I have the following experimental design:

  • four developmental stages, effectively a nominal categorical variable
  • three conditions: two treatments and one control

The biggest source of variation in the data is stage. The two treatments are conceptually close to each other and the genes responding to them are largely the same, although: one of the treatments has a stronger effect (higher fold changes) and both treatments also elicit specific responses.

What I'm mainly interested in is genes responding to both treatments and genes responding to one but not the other, at each stage.

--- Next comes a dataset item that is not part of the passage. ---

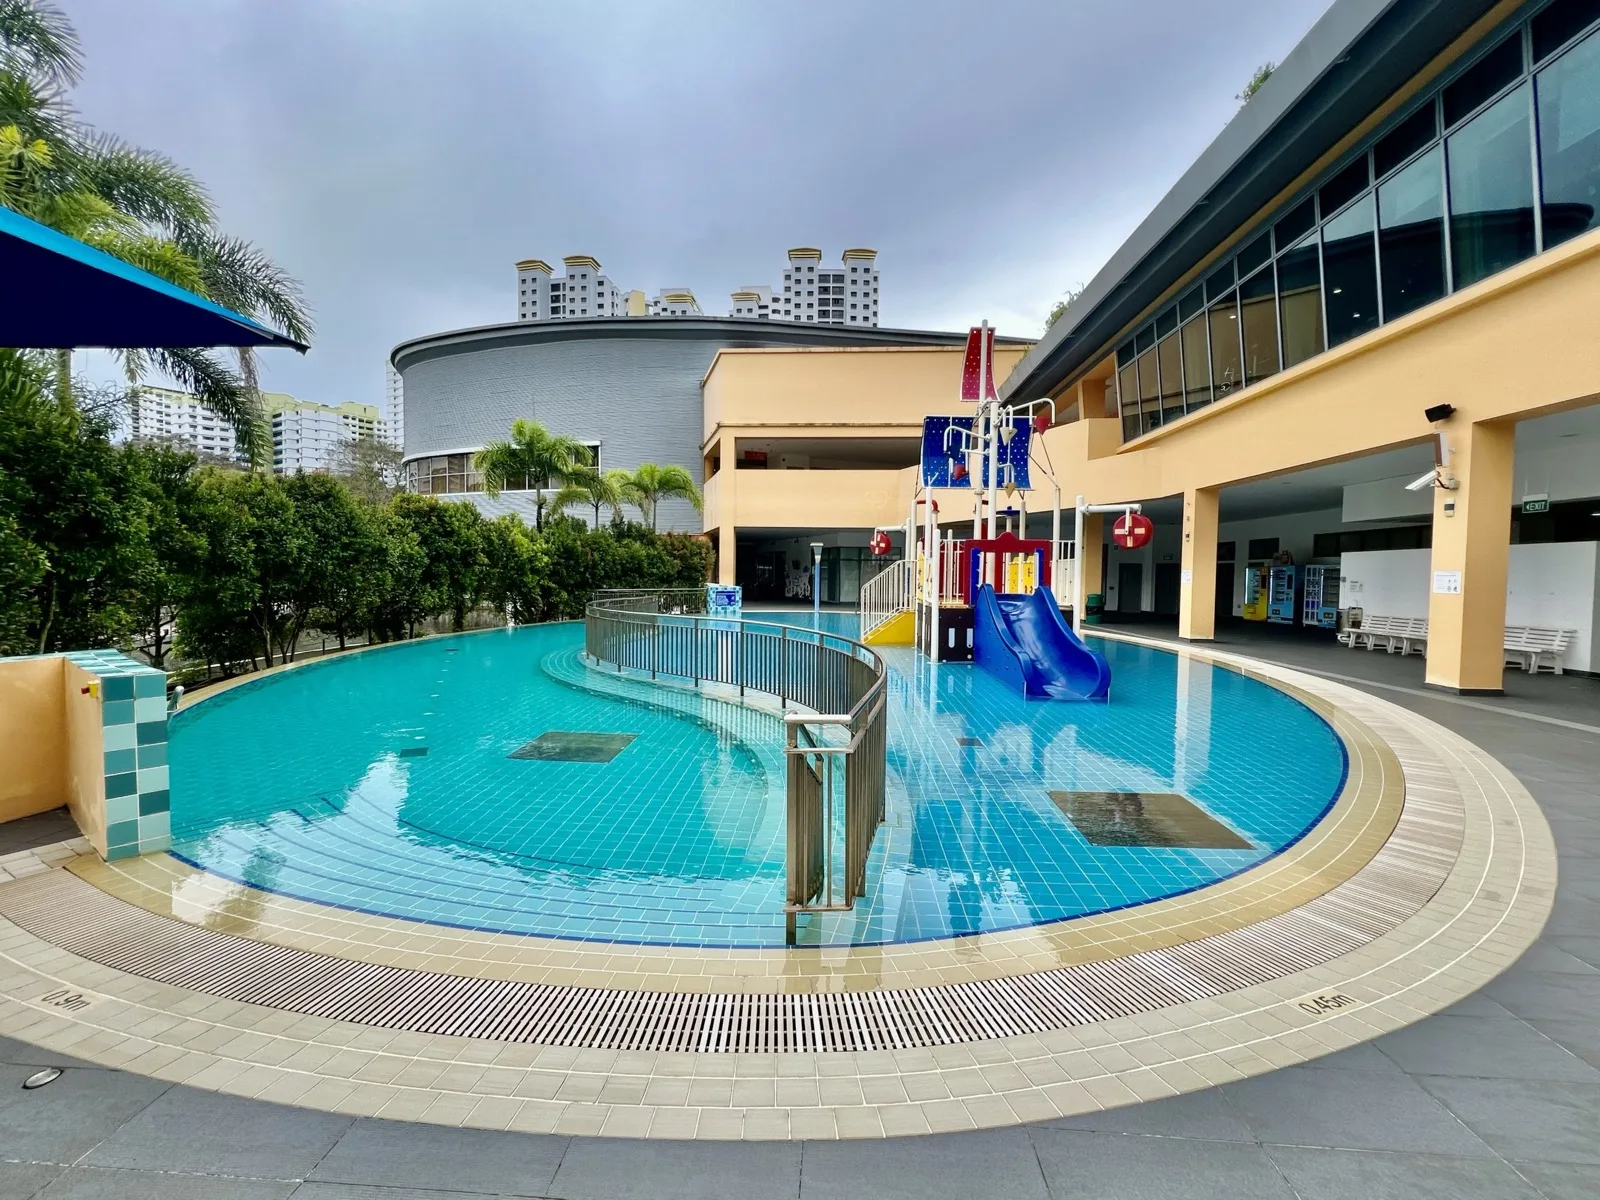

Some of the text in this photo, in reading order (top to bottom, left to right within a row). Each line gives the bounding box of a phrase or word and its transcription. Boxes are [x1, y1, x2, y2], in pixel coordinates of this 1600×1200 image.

[1530, 501, 1546, 511] EXIT
[41, 990, 91, 1011] 0.9m
[1298, 994, 1356, 1015] 0.45m

The approach I have been exploring is to unite stage and condition in a single variable group and do Wald tests for contrasts treatment1_vs_control and treatment2_vs_control for each stage separately. It feels though that this way I lose power to discover genes which respond to one of the treatments significantly according to my predefined FDR and sub-significantly to the other treatment.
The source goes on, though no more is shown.